- _WORK TO COMPLETE_: The entries contain pictures, which should not appear in the copy; everything else must be reproduced exactly.

§

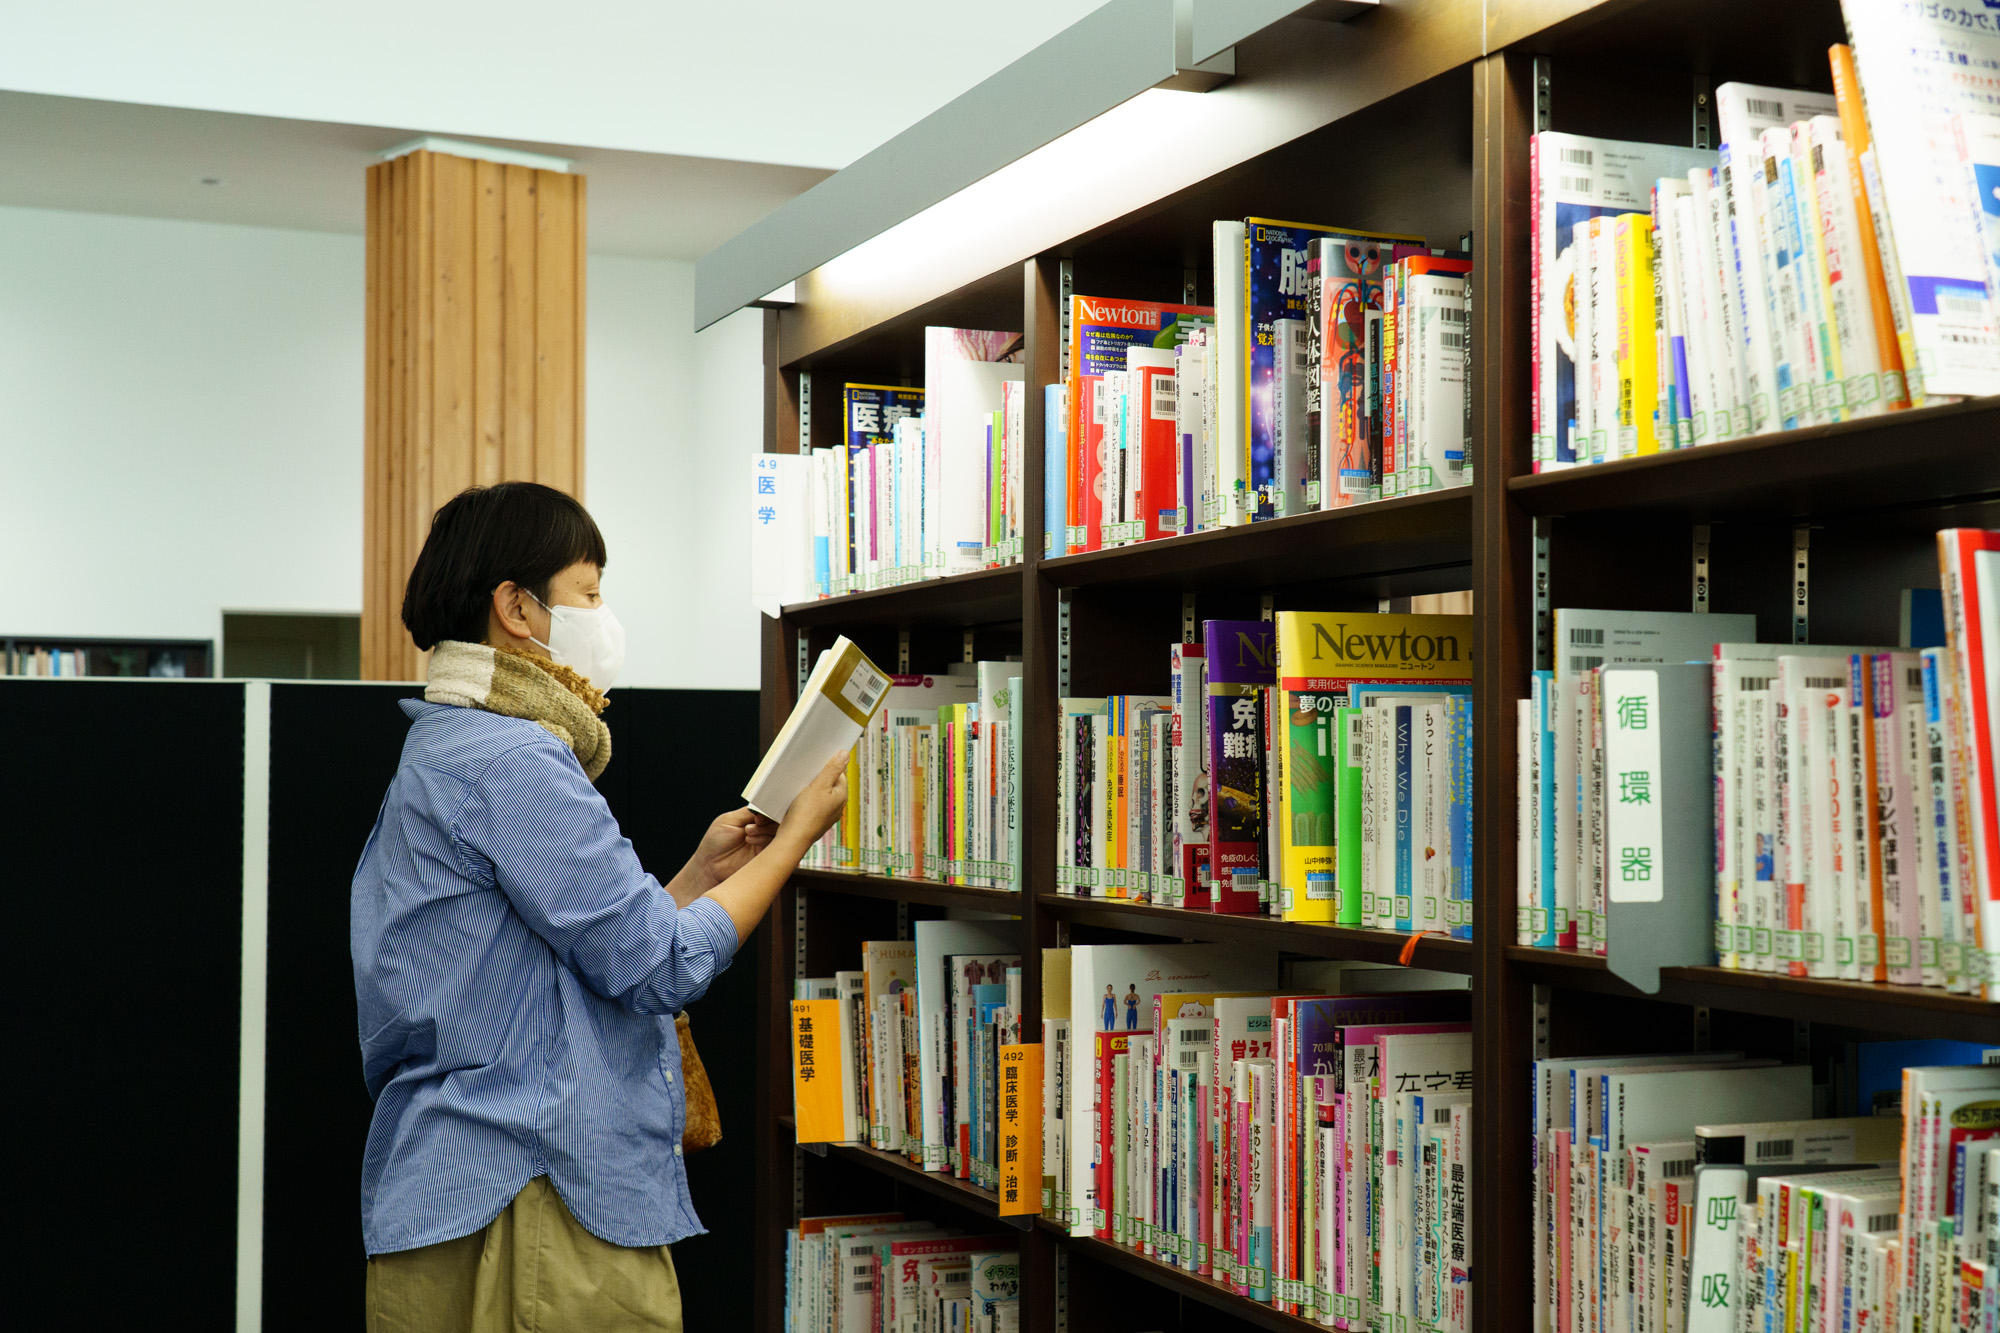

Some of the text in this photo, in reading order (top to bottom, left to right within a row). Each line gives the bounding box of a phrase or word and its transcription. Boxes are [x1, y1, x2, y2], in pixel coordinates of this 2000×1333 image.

[1265, 229, 1288, 238] NATIONAL
[1265, 235, 1294, 245] GEOGRAPHIC
[1078, 299, 1151, 325] Newton
[1307, 315, 1321, 413] 人体図鑑
[1383, 314, 1396, 437] 生理学の基本としくみ
[758, 459, 777, 470] 49
[758, 476, 777, 524] 医学
[1311, 623, 1461, 662] Newton
[1400, 662, 1436, 671] ニュートン
[1142, 719, 1150, 788] 人工培養された
[1363, 714, 1374, 842] 未知なる人体への旅
[1397, 723, 1408, 841] Why We Die
[1617, 695, 1653, 881] 循環器
[1304, 857, 1333, 865] 山中伸弥
[880, 949, 914, 959] HUMA
[793, 1005, 811, 1013] 491
[798, 1016, 816, 1082] 基礎医学
[1003, 1052, 1024, 1062] 492
[1005, 1065, 1019, 1204] 臨床医学、診断・治療
[1253, 1124, 1261, 1193] 体のトリセツ
[1451, 1163, 1465, 1262] 最先端医療
[901, 1244, 955, 1255] マンガでわかる
[1701, 1195, 1737, 1309] 呼吸
[985, 1264, 1019, 1281] イラス

§

- _WRITTEN ANSWER_:
Some of the text in this photo, in reading order (top to bottom, left to right within a row). Each line gives the bounding box of a phrase or word and its transcription. Boxes are [x1, y1, x2, y2], in pixel coordinates of this 2000×1333 image.

[1265, 229, 1288, 238] NATIONAL
[1265, 235, 1294, 245] GEOGRAPHIC
[1078, 299, 1151, 325] Newton
[1307, 315, 1321, 413] 人体図鑑
[1383, 314, 1396, 437] 生理学の基本としくみ
[758, 459, 777, 470] 49
[758, 476, 777, 524] 医学
[1311, 623, 1461, 662] Newton
[1400, 662, 1436, 671] ニュートン
[1142, 719, 1150, 788] 人工培養された
[1363, 714, 1374, 842] 未知なる人体への旅
[1397, 723, 1408, 841] Why We Die
[1617, 695, 1653, 881] 循環器
[1304, 857, 1333, 865] 山中伸弥
[880, 949, 914, 959] HUMA
[793, 1005, 811, 1013] 491
[798, 1016, 816, 1082] 基礎医学
[1003, 1052, 1024, 1062] 492
[1005, 1065, 1019, 1204] 臨床医学、診断・治療
[1253, 1124, 1261, 1193] 体のトリセツ
[1451, 1163, 1465, 1262] 最先端医療
[901, 1244, 955, 1255] マンガでわかる
[1701, 1195, 1737, 1309] 呼吸
[985, 1264, 1019, 1281] イラス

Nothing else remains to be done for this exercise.